▸ WHAT YOU ARE ASKED TO DO: The response must reproduce every record in full.

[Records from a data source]
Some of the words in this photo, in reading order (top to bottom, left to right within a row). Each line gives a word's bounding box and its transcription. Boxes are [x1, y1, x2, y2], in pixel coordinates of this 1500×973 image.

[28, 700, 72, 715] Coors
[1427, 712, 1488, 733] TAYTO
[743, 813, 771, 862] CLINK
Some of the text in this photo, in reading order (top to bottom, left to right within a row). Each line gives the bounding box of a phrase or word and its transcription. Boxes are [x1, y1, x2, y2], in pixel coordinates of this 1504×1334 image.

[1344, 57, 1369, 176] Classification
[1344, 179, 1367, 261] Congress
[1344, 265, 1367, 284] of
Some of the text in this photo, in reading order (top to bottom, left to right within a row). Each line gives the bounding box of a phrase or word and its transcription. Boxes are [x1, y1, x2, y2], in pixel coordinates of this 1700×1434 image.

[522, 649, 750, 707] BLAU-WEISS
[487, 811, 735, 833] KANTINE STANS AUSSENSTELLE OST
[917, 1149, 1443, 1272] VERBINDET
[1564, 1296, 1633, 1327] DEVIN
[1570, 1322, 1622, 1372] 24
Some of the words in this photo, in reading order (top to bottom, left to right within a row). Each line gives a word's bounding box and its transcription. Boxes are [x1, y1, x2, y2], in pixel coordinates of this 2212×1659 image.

▸ THE COMPLETED TASK:
Some of the words in this photo, in reading order (top to bottom, left to right within a row). Each line gives a word's bounding box and its transcription. Boxes are [x1, y1, x2, y2], in pixel coordinates of this 1500×973 image.

[28, 700, 72, 715] Coors
[1427, 712, 1488, 733] TAYTO
[743, 813, 771, 862] CLINK
Some of the text in this photo, in reading order (top to bottom, left to right within a row). Each line gives the bounding box of a phrase or word and its transcription. Boxes are [x1, y1, x2, y2], in pixel coordinates of this 1504×1334 image.

[1344, 57, 1369, 176] Classification
[1344, 179, 1367, 261] Congress
[1344, 265, 1367, 284] of
Some of the text in this photo, in reading order (top to bottom, left to right within a row). Each line gives the bounding box of a phrase or word and its transcription. Boxes are [x1, y1, x2, y2], in pixel coordinates of this 1700×1434 image.

[522, 649, 750, 707] BLAU-WEISS
[487, 811, 735, 833] KANTINE STANS AUSSENSTELLE OST
[917, 1149, 1443, 1272] VERBINDET
[1564, 1296, 1633, 1327] DEVIN
[1570, 1322, 1622, 1372] 24
Some of the words in this photo, in reading order (top to bottom, left to right within a row). Each line gives a word's bounding box and its transcription. Boxes are [x1, y1, x2, y2], in pixel coordinates of this 2212×1659 image.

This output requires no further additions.